Saved data entries:
============================================================
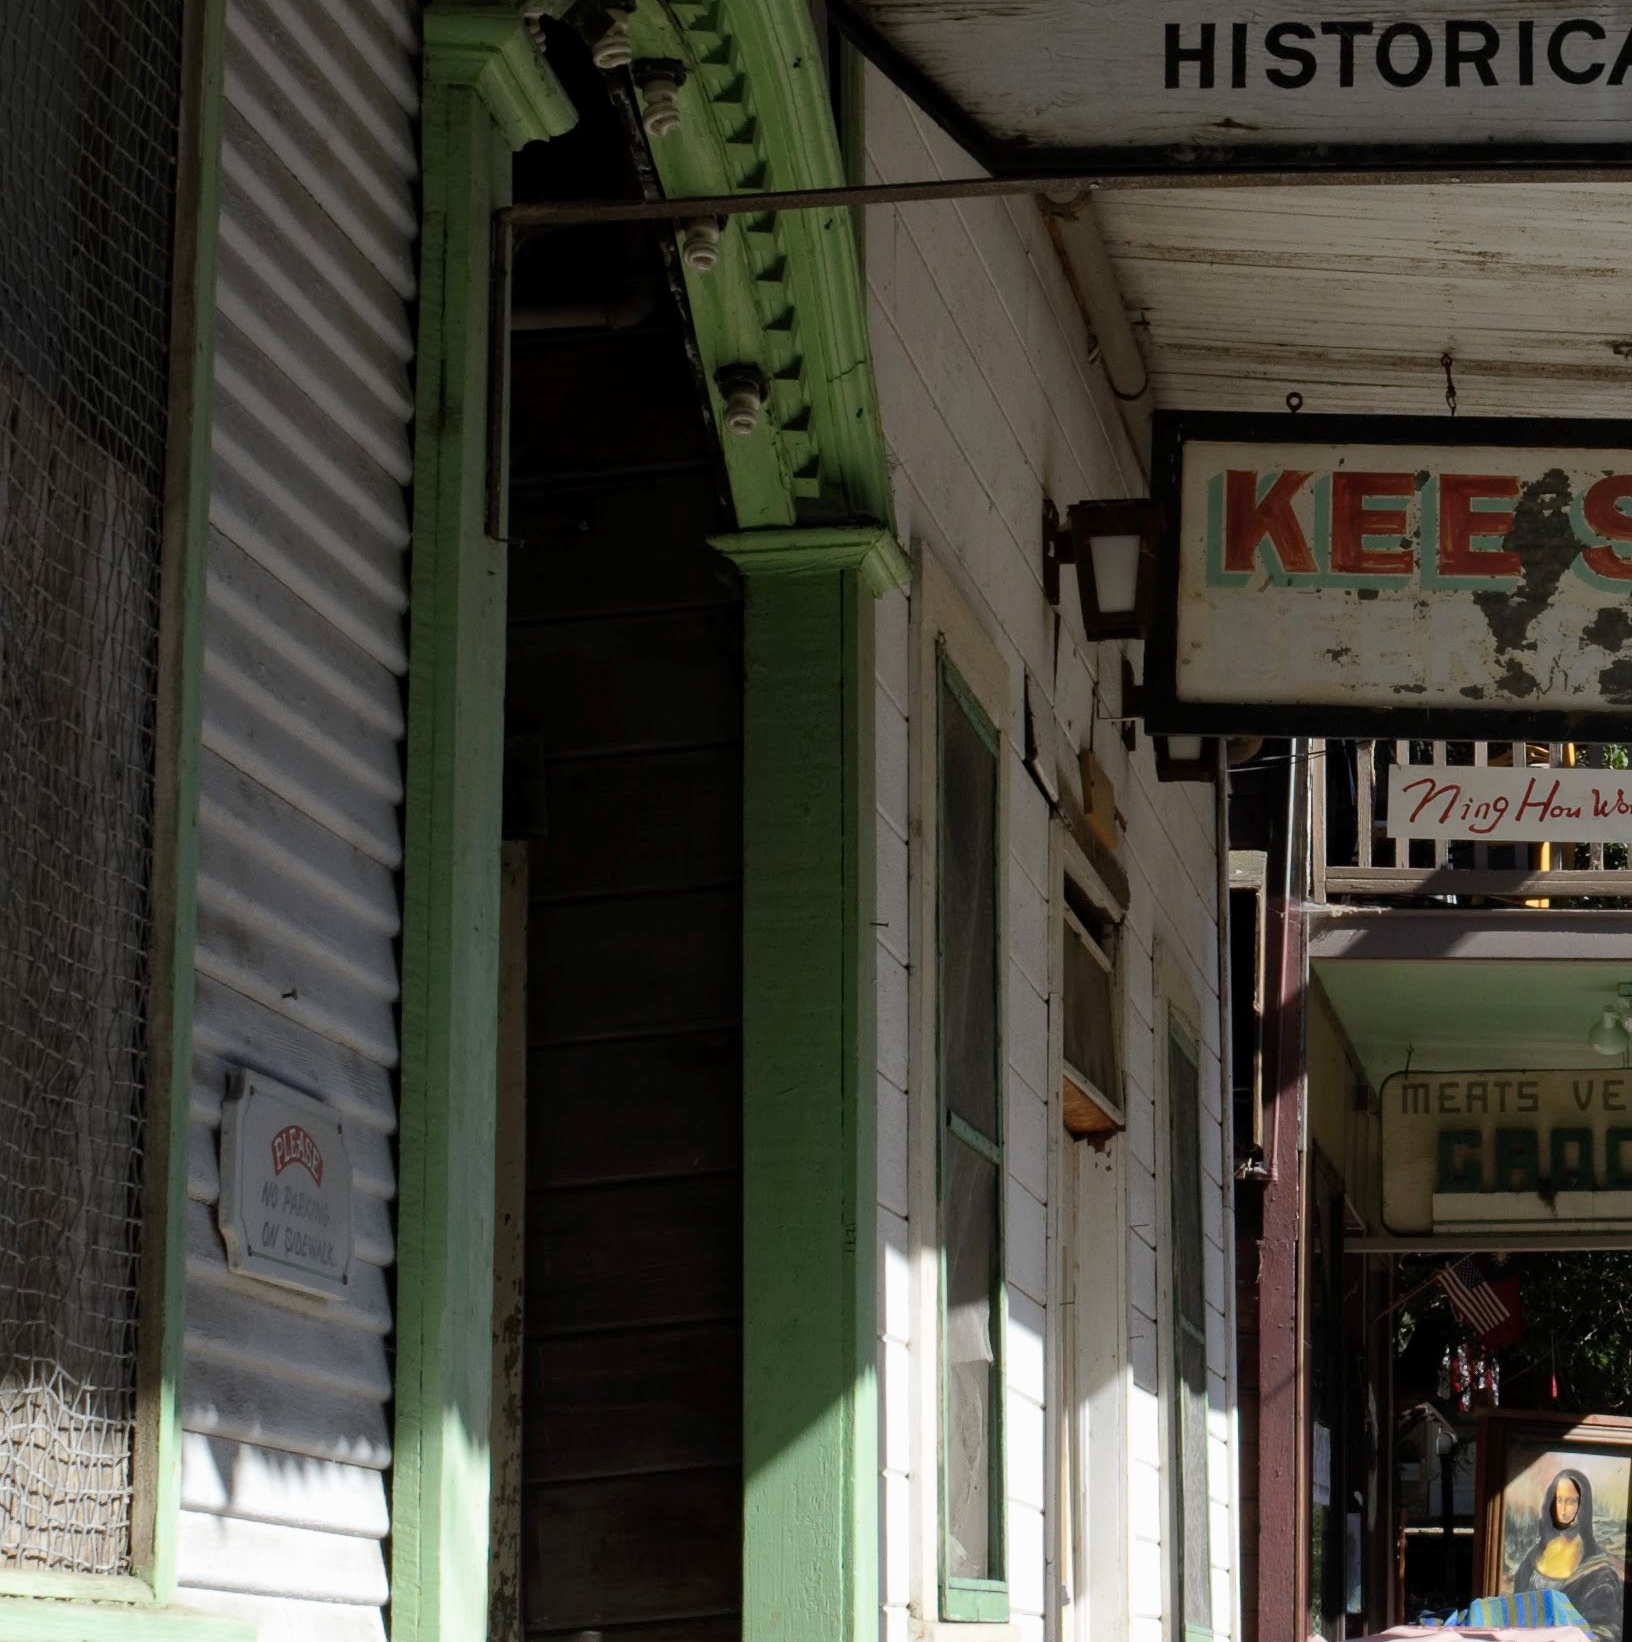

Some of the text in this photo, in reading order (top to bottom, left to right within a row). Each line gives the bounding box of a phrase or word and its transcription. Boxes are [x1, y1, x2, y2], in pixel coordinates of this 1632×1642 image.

[1207, 468, 1523, 591] KEE
[1402, 777, 1509, 835] Ning
[1401, 1080, 1540, 1115] MEATS
[273, 1127, 323, 1180] PLEASE
[261, 1180, 331, 1230] NO PARKING
[261, 1220, 337, 1268] ON SIDEWALK
============================================================
Retype the records exactly, but skip the pictures.

Some of the text in this photo, in reading order (top to bottom, left to right within a row). Each line gives the bounding box of a phrase or word and its transcription. Boxes are [x1, y1, x2, y2], in pixel coordinates of this 1632×1642 image.

[1207, 468, 1523, 591] KEE
[1402, 777, 1509, 835] Ning
[1401, 1080, 1540, 1115] MEATS
[273, 1127, 323, 1180] PLEASE
[261, 1180, 331, 1230] NO PARKING
[261, 1220, 337, 1268] ON SIDEWALK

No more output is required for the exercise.